Error with function that uses -rdiscrete()-

Mike Lacy

Join Date: Apr 2014
Posts: 2416

Error with function that uses -rdiscrete()-

23 Feb 2021, 11:04

I have a small program to generate multinomial random variables in Stata, given an existing Stata variable name and a probability vector. It's a wrapper for a Mata function that uses Mata's -rdiscrete()-. The problem I'm having is that -rdiscrete()- occasionally will not execute with certain probability vectors.

-rdiscrete()- understandably requires a probability vector that sums *very* closely to 1.0, a problem my function adapts to by checking for this problem and always making a tiny adjustment to the first element of the probability vector.
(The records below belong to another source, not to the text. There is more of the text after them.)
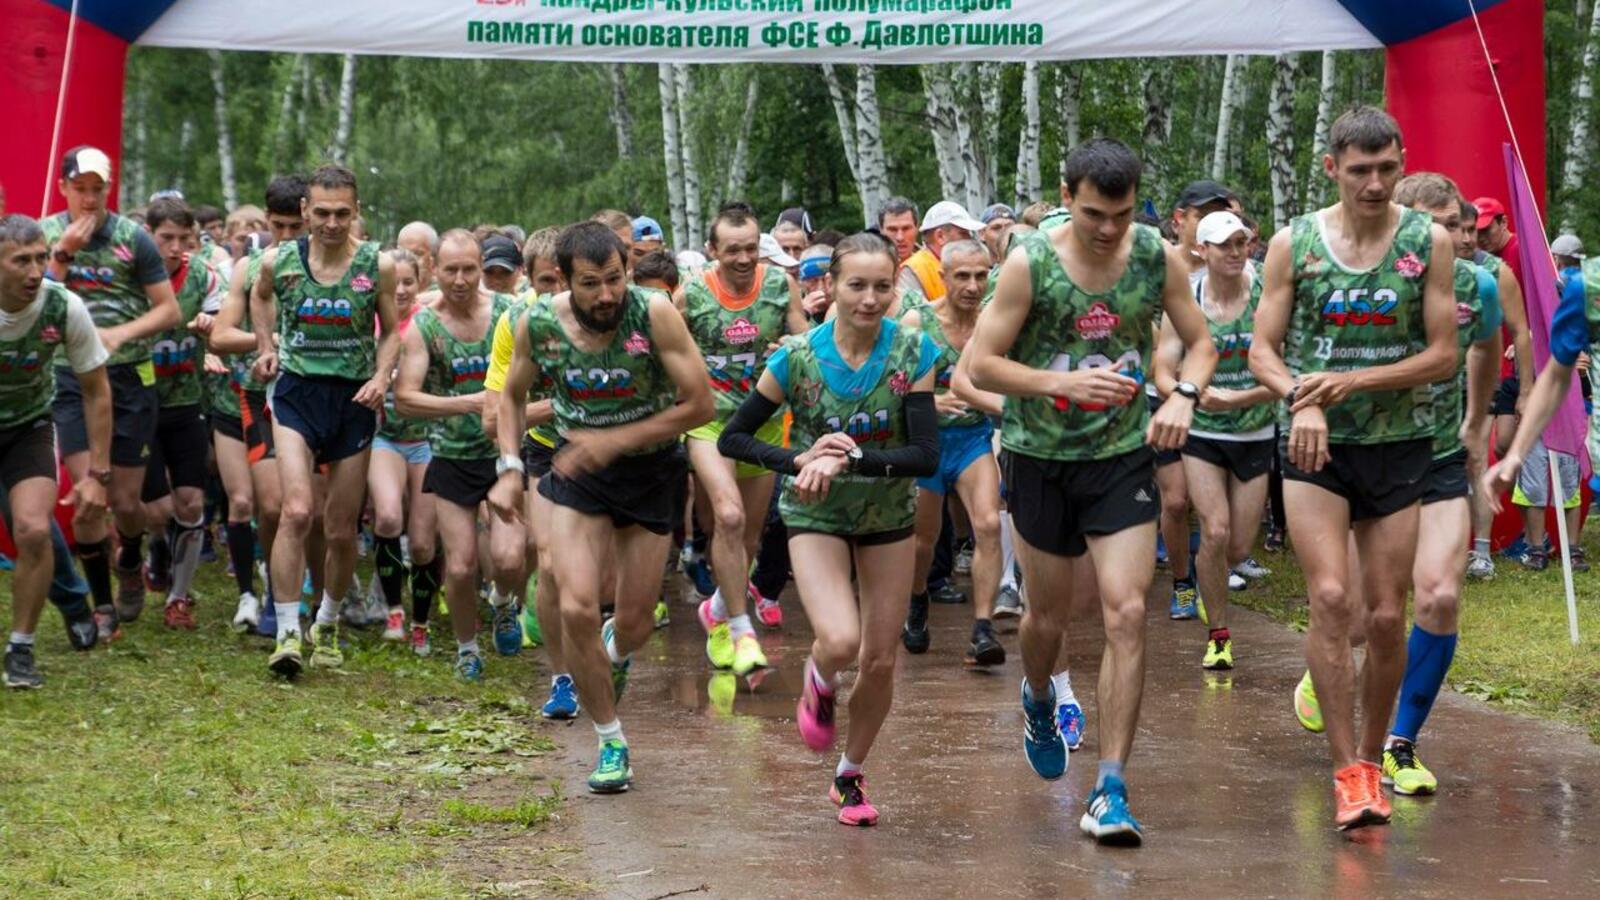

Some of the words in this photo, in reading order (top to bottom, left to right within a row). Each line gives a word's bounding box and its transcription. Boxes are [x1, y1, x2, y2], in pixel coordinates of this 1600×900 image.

[467, 21, 573, 46] памяти
[581, 23, 749, 48] основателя
[761, 21, 819, 48] ФСЕ
[297, 297, 352, 325] 429
[1322, 288, 1399, 327] 452
[1313, 336, 1333, 361] 23
[566, 368, 637, 400] 522
[826, 409, 890, 443] 101
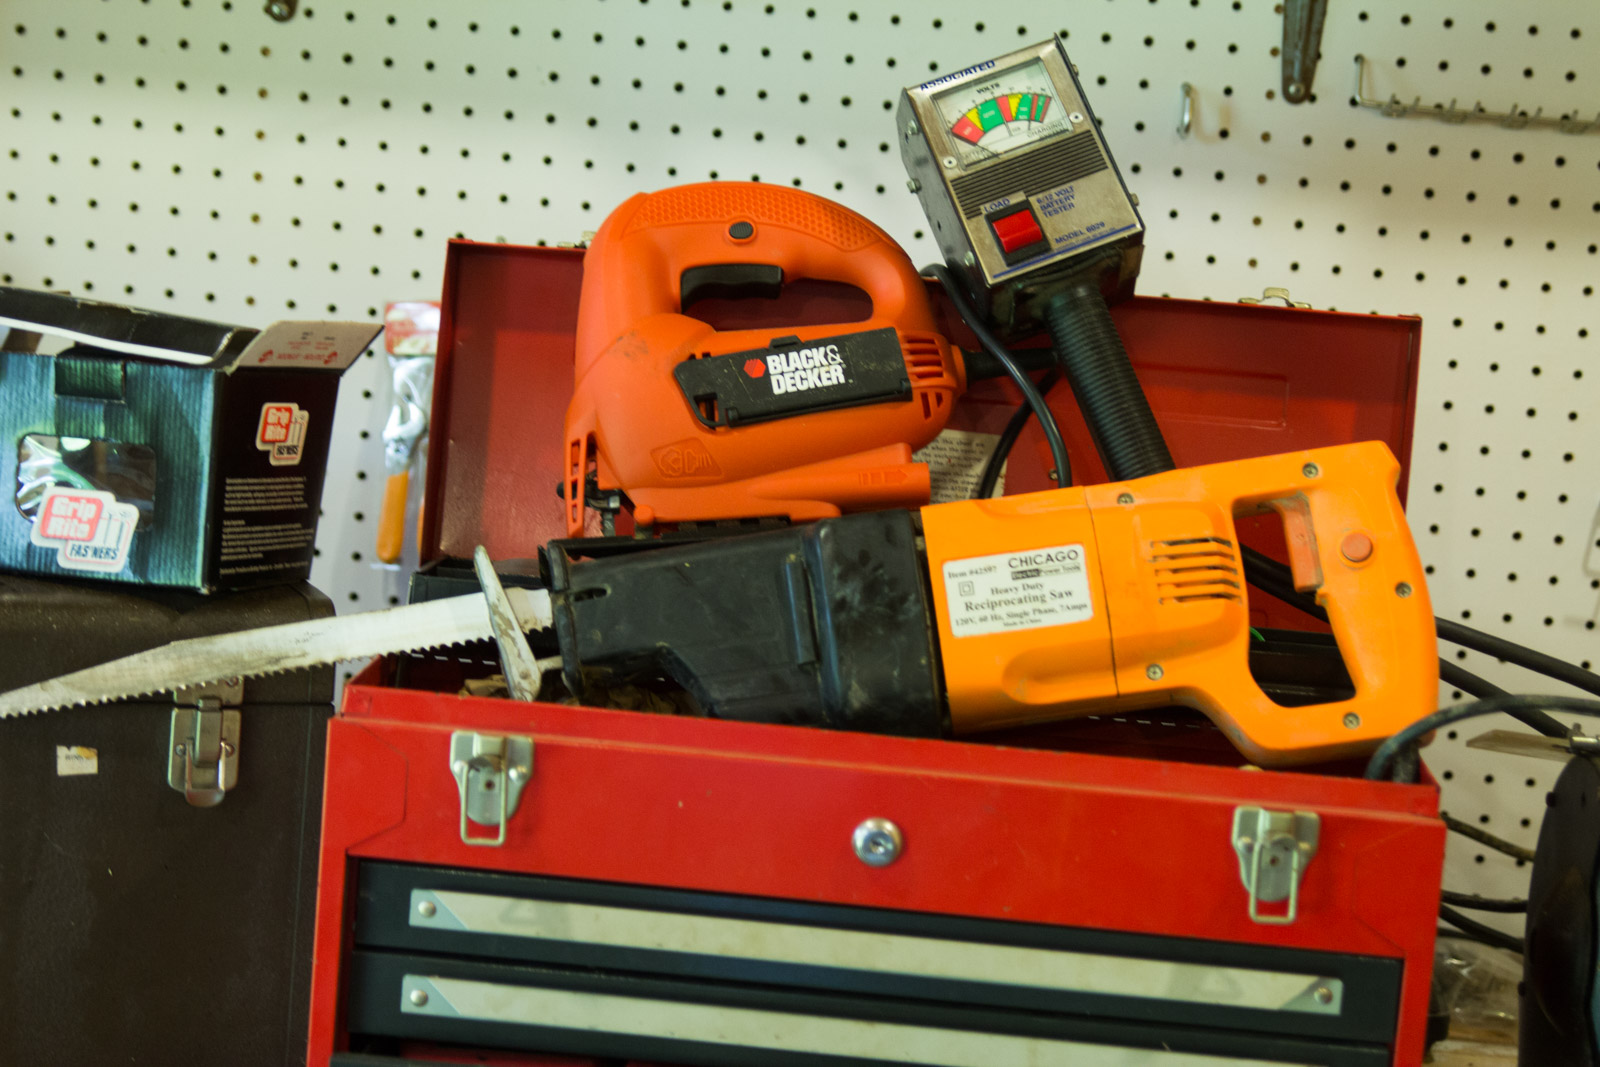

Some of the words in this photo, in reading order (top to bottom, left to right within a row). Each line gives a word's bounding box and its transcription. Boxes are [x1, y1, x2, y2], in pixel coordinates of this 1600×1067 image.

[919, 59, 996, 91] ASSOCIATED
[975, 82, 1000, 95] VOLTS
[1054, 185, 1075, 198] VOLT
[983, 198, 1011, 213] LOAD
[1040, 194, 1076, 212] BATTERY
[1043, 202, 1076, 219] TESTER
[1055, 229, 1084, 244] MODEL
[770, 364, 846, 395] DECKER
[51, 496, 97, 522] Grip
[46, 516, 91, 538] Rite
[1008, 549, 1079, 569] CHICAGO
[948, 570, 967, 580] Item
[991, 584, 1019, 596] Heavy
[1022, 582, 1044, 593] Duty
[964, 592, 1048, 612] Reciprocating
[1050, 589, 1074, 601] Saw
[1006, 610, 1030, 621] Single
After many years of using this function without incident, I encountered a problem while trying to generate a uniform multinomial variable with 7 categories.

The surprising thing is that -rdiscrete()- worked with a 7-element probability vector that was a *little* bit off from summing to 1.0, but *failed* when I gave it an input vector for 7 categories that was *closer* to summing to 1.0! This stumps me, though my guess goes to some kind of precision issue. Do any of you have an idea of what the problem might be?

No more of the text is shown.